Methodology
Physics + calibration. No ML black box. The how + the why behind the model. Usage docs in /help; library / API / CLI in /developers.
git clone https://github.com/sam-dumont/bike-power-model cd bike-power-model uv sync --extra api --extra analysis uv run bpm --help
MIT, single committer (Sam Dumont). Repo flips public with the v1.0 / PyPI publish commit; until then the link 404s and the install path is correct-but-deferred.
Physics: the standard formula
The core is the standard cycling power balance you'll find in Martin 1998, Kreuzotter, Gribble, and every textbook: a Newton solver that balances pedal power against three resistance forces and one inertial term, iterated per-split until power matches resistance.
P_pedal · (1 − drivetrain_loss) = ½ · ρ(altitude, temp) · CdA · v_air² · v_ground (aero drag) + Crr(surface) · m · g · cos(θ) · v_ground (rolling) + m · g · sin(θ) · v_ground (gradient) + m · a · v_ground (inertia)
Same formula. ρ, CdA, Crr, draft, and effort each get filled in per split, not per ride.
Modifiers above the standard formula
The standard physics handles a smooth tarmac TT in still air at sea level. Real races have cobbles, headwinds, peloton drafts, mountain altitude, summer heat, and tactical attacks. Each modifier below is a documented departure from "use one number for the whole ride":
- Per-surface Crr. Tarmac, cobble, gravel, hardpack, mud: different surfaces, different rolling resistance. Default comes from OSM
surface=*+smoothness=*tags per split, mapped to a Crr value by surface quality (good / moderate / rough / severe). On top of that, a curated database of named sectors (Arenberg + Carrefour de l'Arbre cobbles, Strade Bianche white roads, Unbound chunky-flint gravel, Muur van Geraardsbergen pavé, …) overrides OSM where its tagging is sparse or misclassifies the surface. Wet sectors add a rain-decay factor scaled by the past 72 h of precipitation history at the sector coordinates, decayed with a 12 h dry-time half-life on tarmac (longer on cobbles or shaded gravel). 10 mm of rain that fell 24 h ago still leaves the sector measurably damp. When the rough-surface fraction (pavé or gravel) crosses ≥ 12 %, the planner also swaps its defaults to a cobbled or gravel profile (paceline draft, surface-appropriate effort targets) instead of a peloton road-race one. Crr is resolved per-meter, not averaged across the route. - Asymmetric wind. Per-split headwind is the dot product of forecast wind (Open-Meteo archived hourly history at the sector lat/lon) and the split's heading. Tailwinds go through the same equation, not "wind speed = average across ride".
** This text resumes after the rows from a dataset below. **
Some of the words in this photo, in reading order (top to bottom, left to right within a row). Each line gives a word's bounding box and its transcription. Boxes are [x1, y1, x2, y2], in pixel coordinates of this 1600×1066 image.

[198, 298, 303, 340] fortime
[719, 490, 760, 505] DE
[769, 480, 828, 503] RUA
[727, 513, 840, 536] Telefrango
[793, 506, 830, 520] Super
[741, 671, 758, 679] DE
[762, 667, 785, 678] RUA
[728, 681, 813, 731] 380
- Tier-aware draft schedules. Draft factor isn't one number. Baseline 0.58 (peloton/paceline) refit 2026-04-25 from 64 cohort rides with explicit draft annotation. For WT pros on race or cobbled intents the baseline is replaced by a tier-aware schedule that captures bunch fragmentation through the race: bunch phase (heavy domestic shelter, low effective draft) then selection, chase, solo finale. Trip-averaged draft lands around 0.49 on a long monument (LBL), 0.67 on the 250 km Olympic road race, 0.77 on Roubaix. Amateur schedules use higher phase factors throughout because amateur fields fragment earlier and don't get the team-coordinated late selection.
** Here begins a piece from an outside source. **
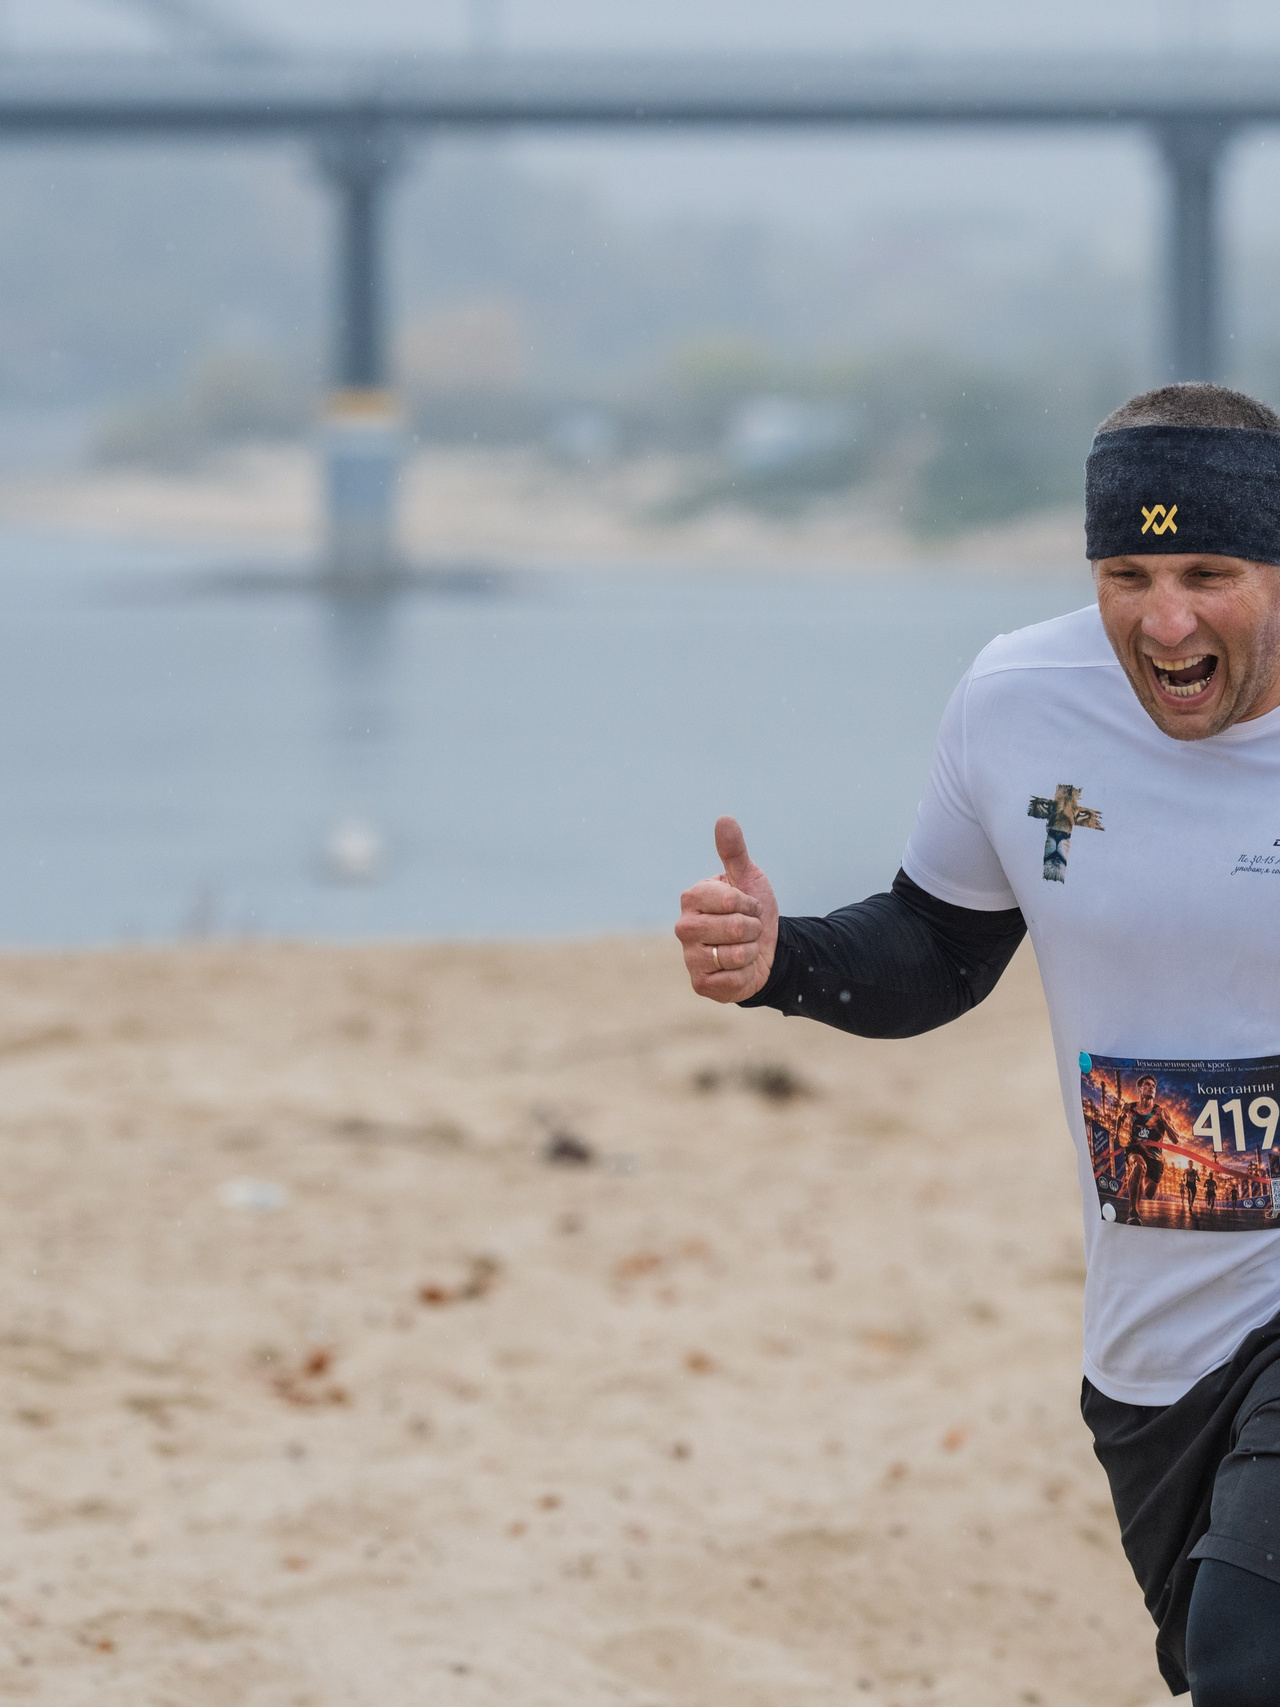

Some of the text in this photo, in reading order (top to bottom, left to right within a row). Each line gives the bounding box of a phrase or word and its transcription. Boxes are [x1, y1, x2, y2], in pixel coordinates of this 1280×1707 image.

[1207, 1061, 1231, 1070] кросс
[1197, 1082, 1275, 1095] Константин
[1192, 1096, 1280, 1152] 419
- Power-duration curve as effort ceiling. Effort is PDC-aware: 0.75 on a 4 h ride sustains a different absolute IF than 0.75 on a 20-min TT. The PDC is fitted from the rider's last 90 days of FITs (intervals.icu integration) or back-solved from tier + FTP when no archive exists.
- Heat / altitude / fatigue. Heat > 25 °C derates sustainable power by ~0.9 %/°C up to 35 °C, then ~1.5 %/°C above, anchored to Tatterson et al. (2000): 6.5 % power loss at 32 °C vs 23 °C in trained cyclists. Altitude > 1500 m derates by 1.6 %/100 m (acclimatized) or 2.0 %/100 m (unacclimatized), slopes calibrated above the Wehrlin & Hallén (2006) lab corridor of 1.0-1.2 %/100 m to match the cohort's observed 8 % drop at 2000 m on alpine rides (Marmotte, Galibier, TdF mountain stages). Long-ride fatigue picks one of three profiles by intent: standard (onset 1.0 h), endurance (onset 1.5 h), ultra (onset 2.5 h). After onset, sustainable power decays at 3-5 %/h to a 60 % floor.
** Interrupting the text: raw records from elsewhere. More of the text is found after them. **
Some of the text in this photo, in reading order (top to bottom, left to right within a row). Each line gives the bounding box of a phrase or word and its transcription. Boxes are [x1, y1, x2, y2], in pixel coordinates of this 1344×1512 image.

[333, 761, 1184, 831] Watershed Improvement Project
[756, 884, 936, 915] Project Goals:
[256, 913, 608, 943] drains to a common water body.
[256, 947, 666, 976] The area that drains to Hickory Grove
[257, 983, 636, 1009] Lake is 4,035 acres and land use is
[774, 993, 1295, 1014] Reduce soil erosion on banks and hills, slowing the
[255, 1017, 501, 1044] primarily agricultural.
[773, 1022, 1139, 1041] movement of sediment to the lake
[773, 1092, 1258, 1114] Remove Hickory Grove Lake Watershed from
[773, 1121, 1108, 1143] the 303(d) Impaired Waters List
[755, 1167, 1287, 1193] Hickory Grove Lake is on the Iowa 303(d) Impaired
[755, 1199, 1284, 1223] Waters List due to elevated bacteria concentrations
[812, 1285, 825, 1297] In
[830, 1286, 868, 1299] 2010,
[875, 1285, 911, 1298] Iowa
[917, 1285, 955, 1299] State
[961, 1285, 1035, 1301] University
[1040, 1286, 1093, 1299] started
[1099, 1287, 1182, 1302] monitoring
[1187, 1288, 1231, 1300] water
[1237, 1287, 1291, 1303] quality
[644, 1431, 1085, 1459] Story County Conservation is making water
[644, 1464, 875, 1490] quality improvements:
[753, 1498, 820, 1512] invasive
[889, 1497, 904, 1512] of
- Two-pass duration refinement. Pass 1 plans at a bootstrap 28 km/h. Pass 2 refines weather, sector wetness, temperature, and the PDC duration bucket using Pass 1's actual time estimate. The refinement matters most on stage TTs: bootstrap 28 km/h would put a 32 km Olympic TT at ~69 min, dropping the PDC into the 1-hour bucket (1.0 × FTP). Actual finish ~36 min lives in the 30-min bucket (~1.04 × FTP). Skipping Pass 2 leaves TT watt targets several percent low and the predicted time correspondingly slow.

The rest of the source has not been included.